Après l'étale: la marée morte, la marée vive?

Cet article a accompagné Sounding Shells, lorsque notre l'installation a été présentée au Centre Wallonie-Bruxelles de Paris en mai 2025.

L'ultime vague

La mer a-t-elle une voix? et comment alors la renforcer? Nous posons cette question depuis le début de A Seat for the Sea. Car: la colonisation de la mer, la Blue Economy, qui implante des investissements dans son corps, ignore tout simplement qu'elle est vivante. Elle, la mer, n'est pas invitée au sein des panels de bailleurs, constructeurs de plateformes pétroliers, poseurs de câbles, constructeurs d'éoliennes, producteurs de sable et de gravier. Ils y vont tous, en mer, et imposent leurs projets, sans anestésie, en dépit de la première concernée: la mer.

Ni vu ni connu, se disent les rapides et rapidement donc, loin du regard public, ils montent leur business. Le business que nous questionons est obsédé par l'exploitation de métaux des fonds marins. Il se peut que ce deep-sea mining en soit à son ultime vague, qu'elle s'effondre donc ou qu'elle triomphe.

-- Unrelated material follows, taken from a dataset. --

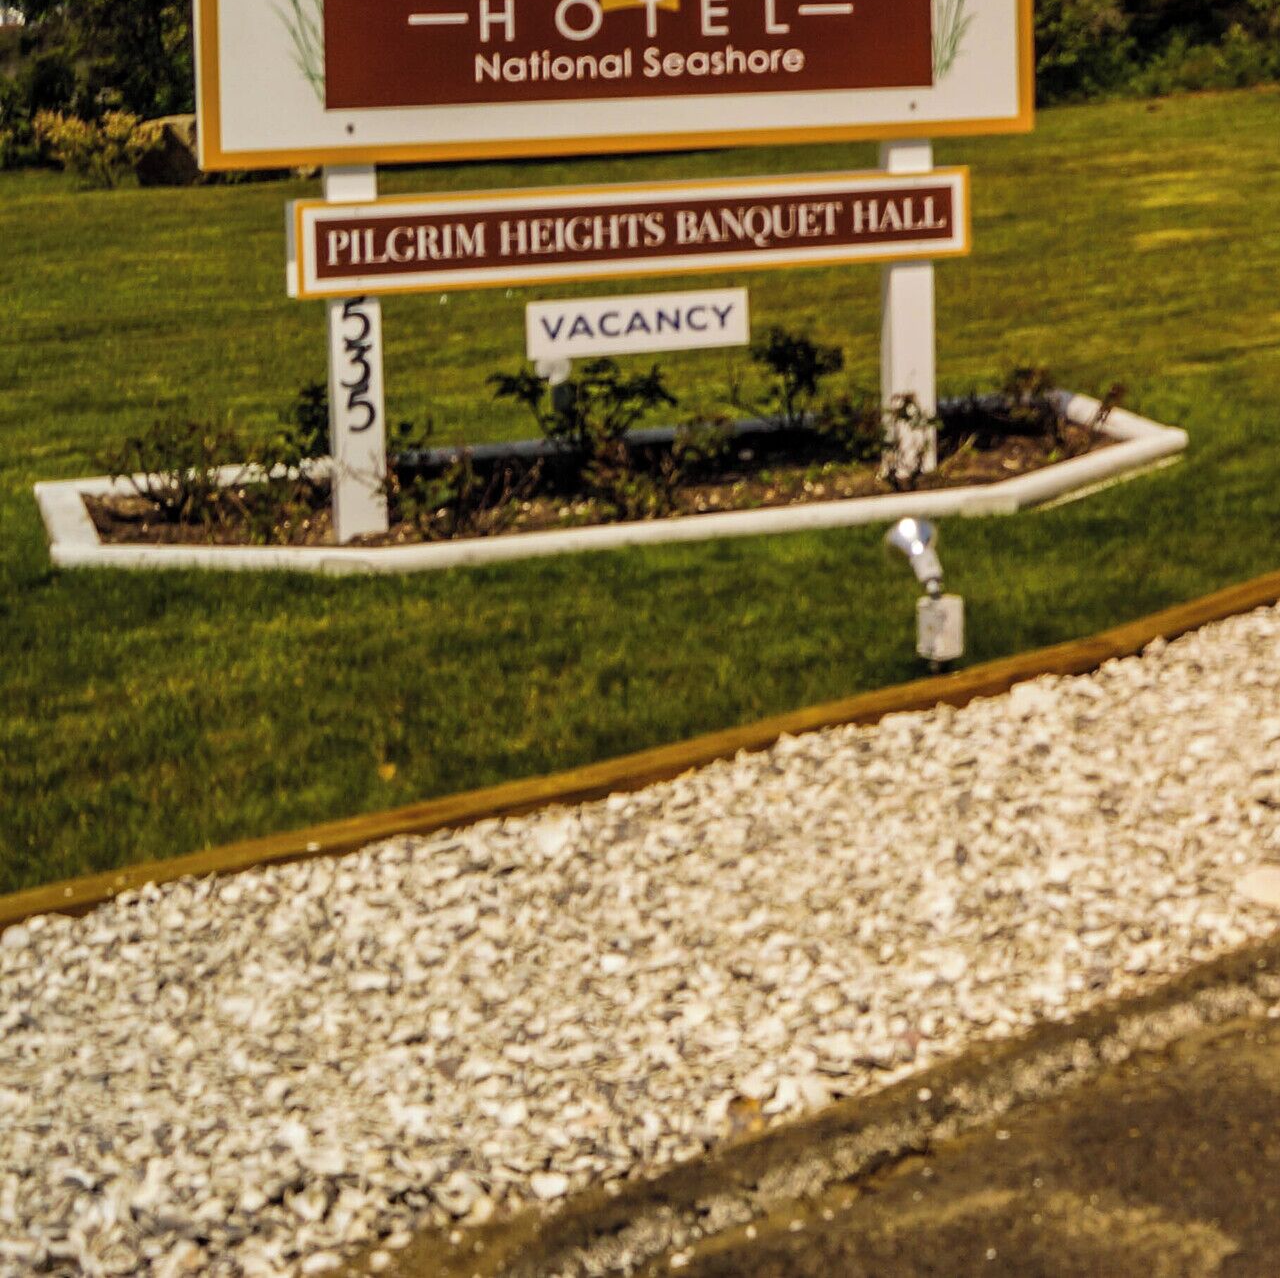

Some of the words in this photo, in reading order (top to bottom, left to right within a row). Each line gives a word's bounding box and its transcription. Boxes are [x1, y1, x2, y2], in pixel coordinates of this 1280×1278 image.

La première vague des années 1970 était avortée lorsque les cours des matières premières s'aplatissaient. Ensuite l'aventure sans merci de Nautilus terminait par le fiasco financier. Mais l'actuelle vague tient le coup, pour l'instant. Une poignée d'entreprises dessine des excavateurs et descend pour les tester dans le Pacifique où abondent les fameux nodules polymétalliques, des croquettes contenant du cobalt, du nickel et autres minerais dits critiques. Quelques précurseurs (et parmi eux un groupe de dragage belge) travaillent silencieusement sans fanfaronnade, d'autres (des Américains) nous bombardent d'une propagande remplie de lieux communs. Une fois qu'elle peut s'activer - ce qui est loin d'être assuré - cette industrie émergente opérera dans l'obscurité totale à 4 ou 5 kilomètres de profondeur. Exploit technique, oui, mais dévastateur aussi, puisque les engins détruiront des écosystèmes millénaires, éoniens même, mais peu recherchés par les océanologues. Ce poumon de la planète sera affecté, cet ensemble d'équilibres, ce multi-mécanisme de fonctions écologiques. D'où notre propos de l'examiner de près.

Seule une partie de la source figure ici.